→ WORK TO COMPLETE: Begin at the line containing "Some of the text" and restate it and each line after it exactly, up to and including the last line below. Leave pictures out.
══════════════════════════════
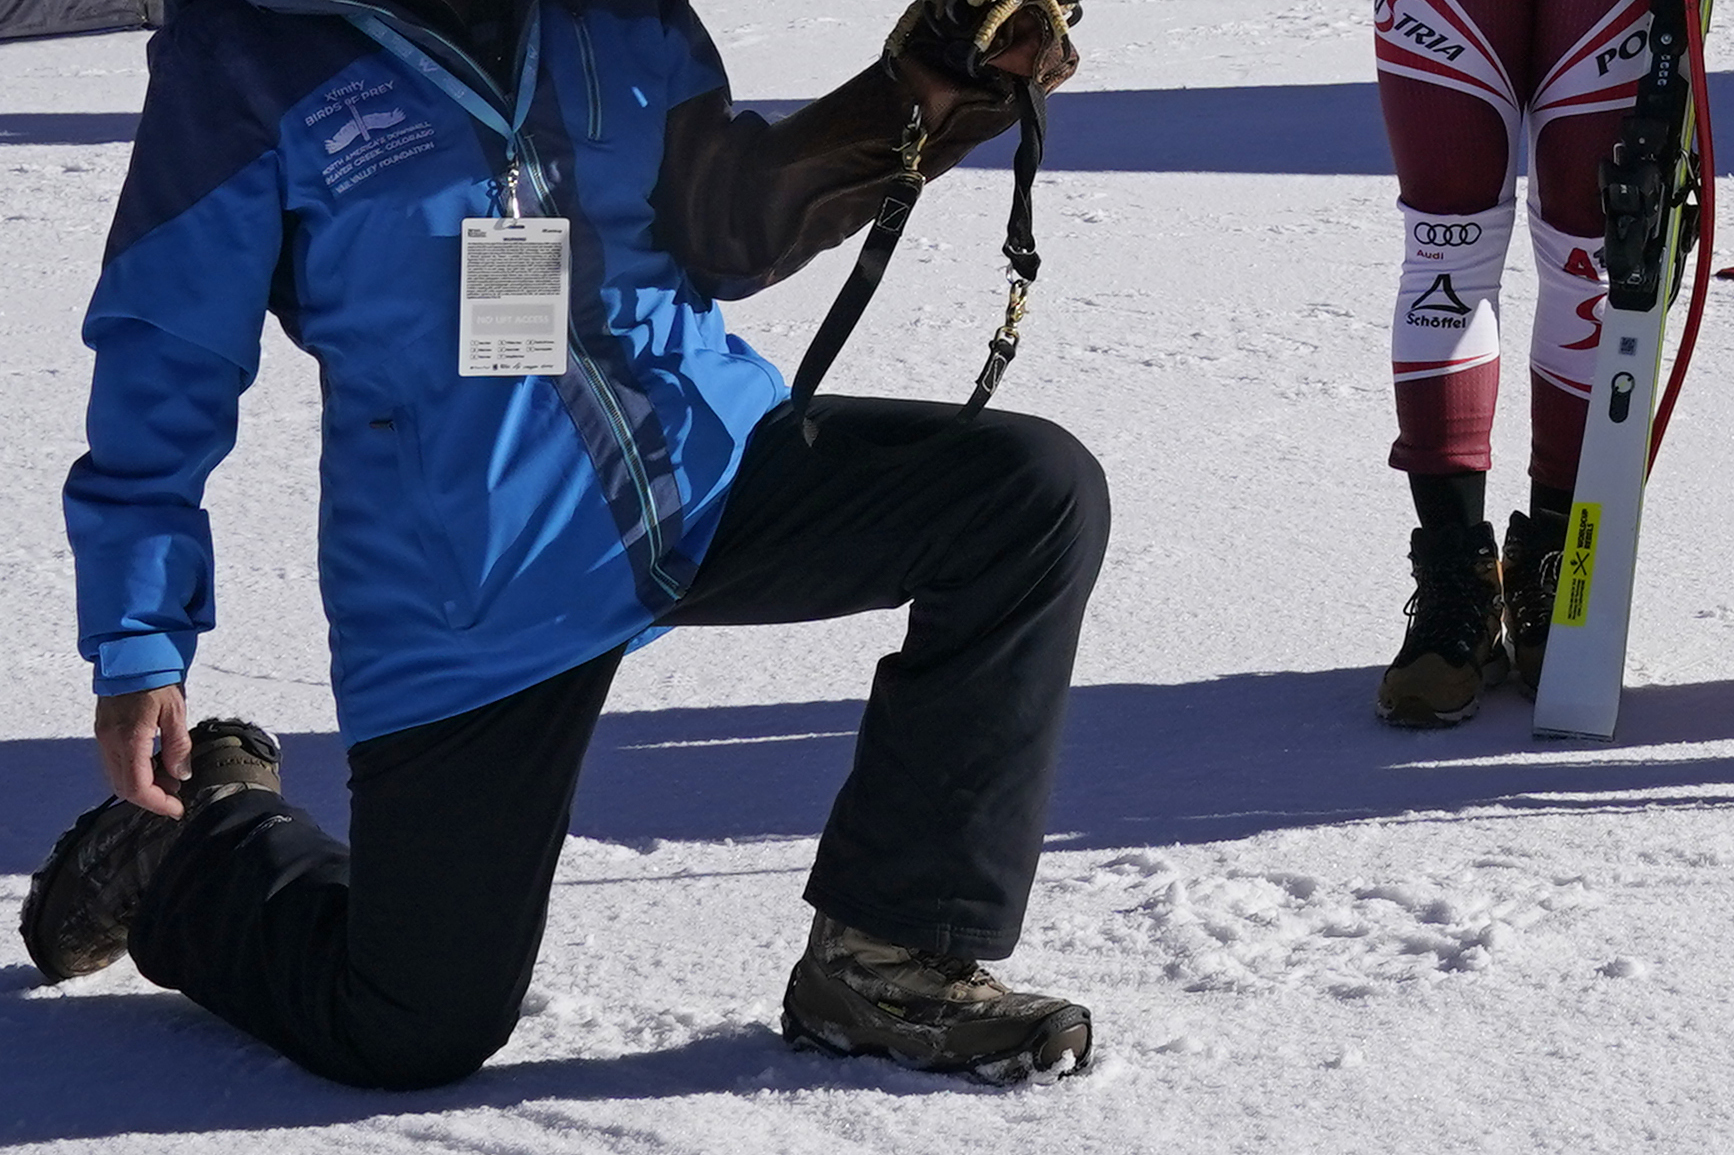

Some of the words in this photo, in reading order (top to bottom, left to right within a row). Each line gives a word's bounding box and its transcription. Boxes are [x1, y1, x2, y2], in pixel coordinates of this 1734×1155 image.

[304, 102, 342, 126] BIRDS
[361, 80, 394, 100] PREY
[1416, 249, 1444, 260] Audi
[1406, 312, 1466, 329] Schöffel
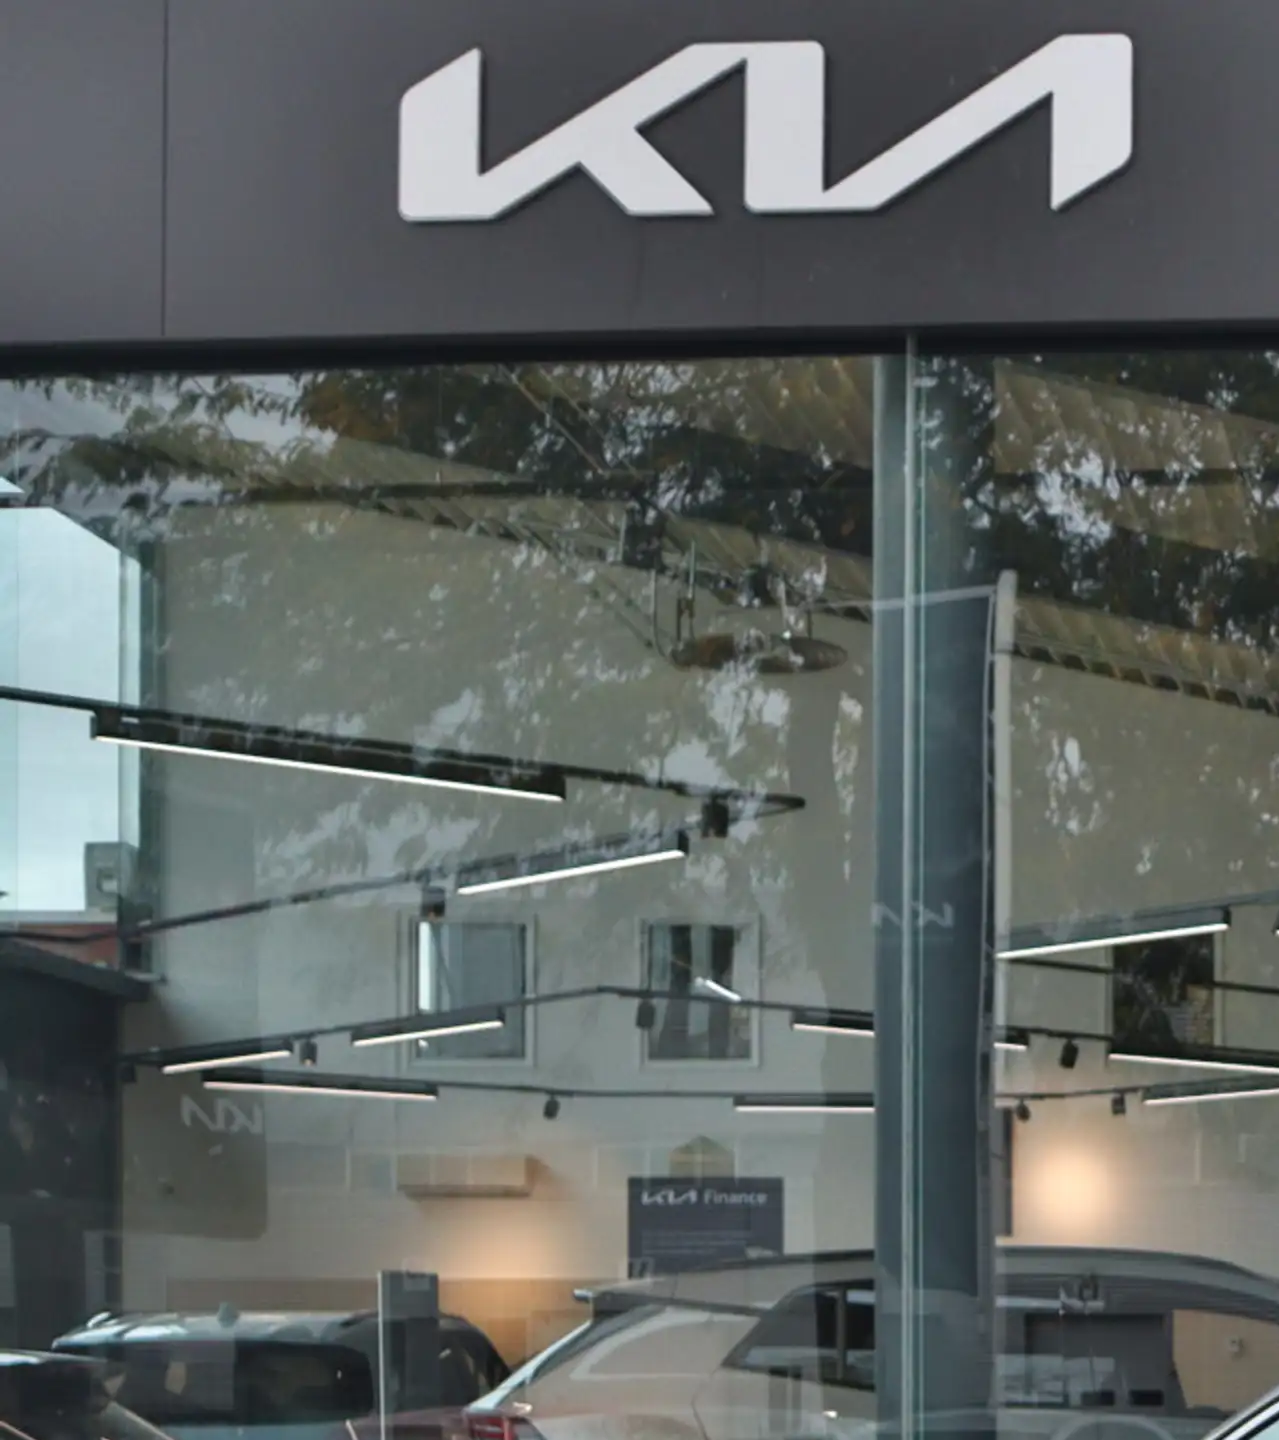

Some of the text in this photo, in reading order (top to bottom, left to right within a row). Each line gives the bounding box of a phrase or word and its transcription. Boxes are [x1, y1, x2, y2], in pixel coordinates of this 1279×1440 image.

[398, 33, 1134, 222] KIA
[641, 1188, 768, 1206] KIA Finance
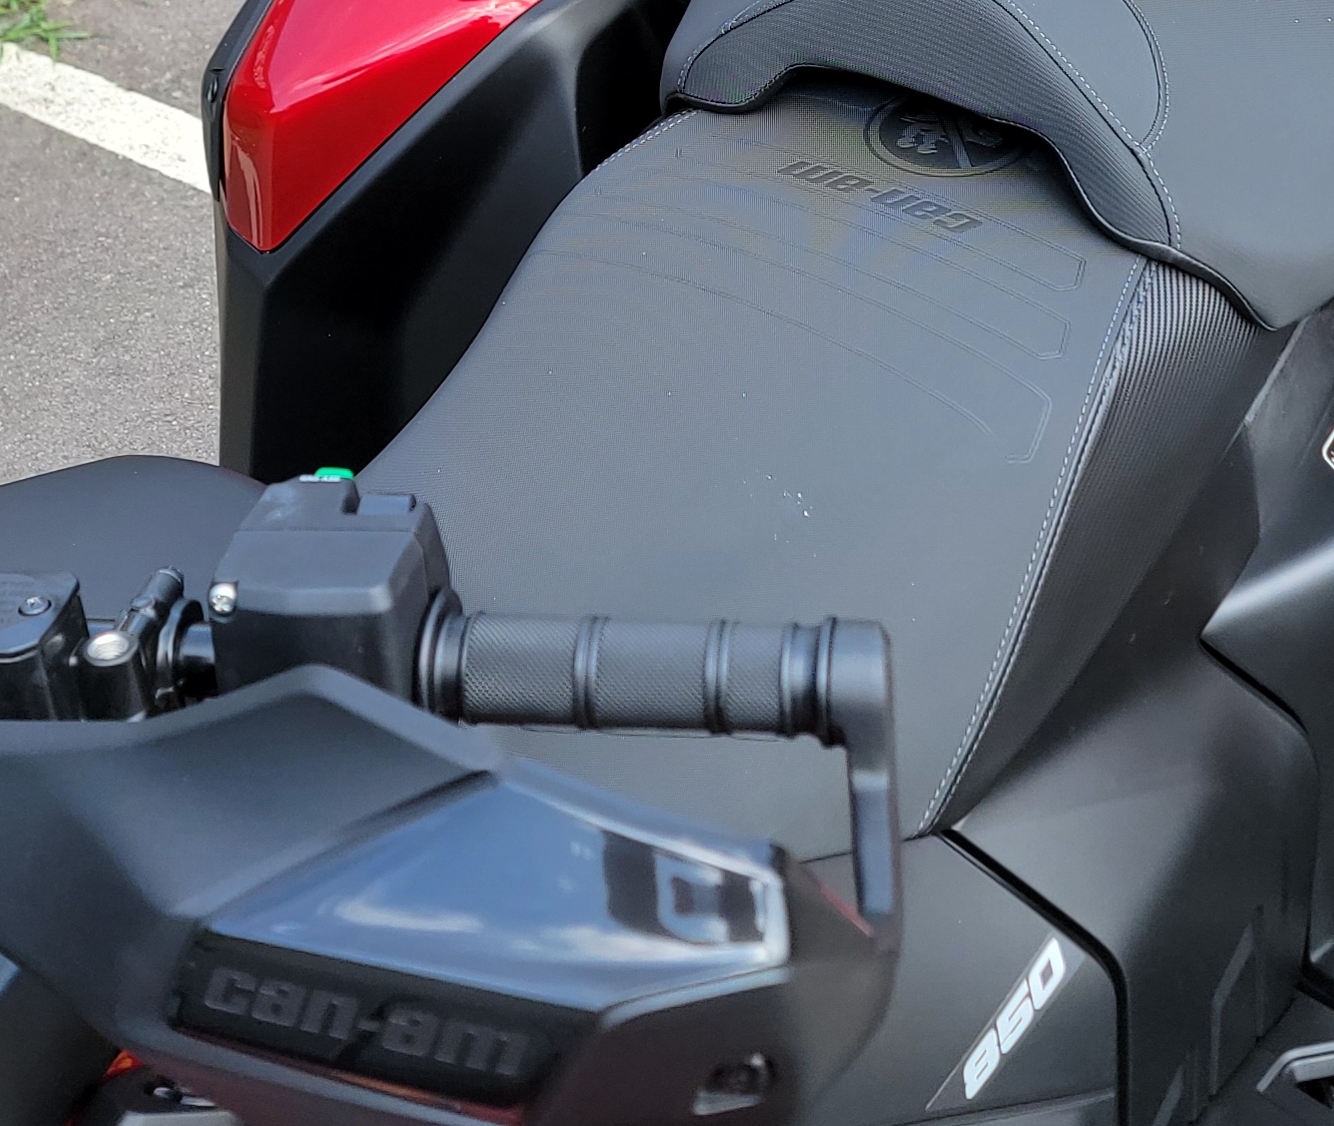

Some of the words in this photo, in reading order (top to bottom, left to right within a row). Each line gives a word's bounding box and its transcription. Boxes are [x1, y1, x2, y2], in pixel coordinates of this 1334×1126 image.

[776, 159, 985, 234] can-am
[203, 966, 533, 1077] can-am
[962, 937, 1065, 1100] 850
══════════════════════════════
→ SOLUTION:
Some of the text in this photo, in reading order (top to bottom, left to right within a row). Each line gives the bounding box of a phrase or word and its transcription. Boxes are [x1, y1, x2, y2], in pixel coordinates of this 1279×1440 image.

[398, 33, 1134, 222] KIA
[641, 1188, 768, 1206] KIA Finance

Some of the words in this photo, in reading order (top to bottom, left to right within a row). Each line gives a word's bounding box and its transcription. Boxes are [x1, y1, x2, y2], in pixel coordinates of this 1334×1126 image.

[776, 159, 985, 234] can-am
[203, 966, 533, 1077] can-am
[962, 937, 1065, 1100] 850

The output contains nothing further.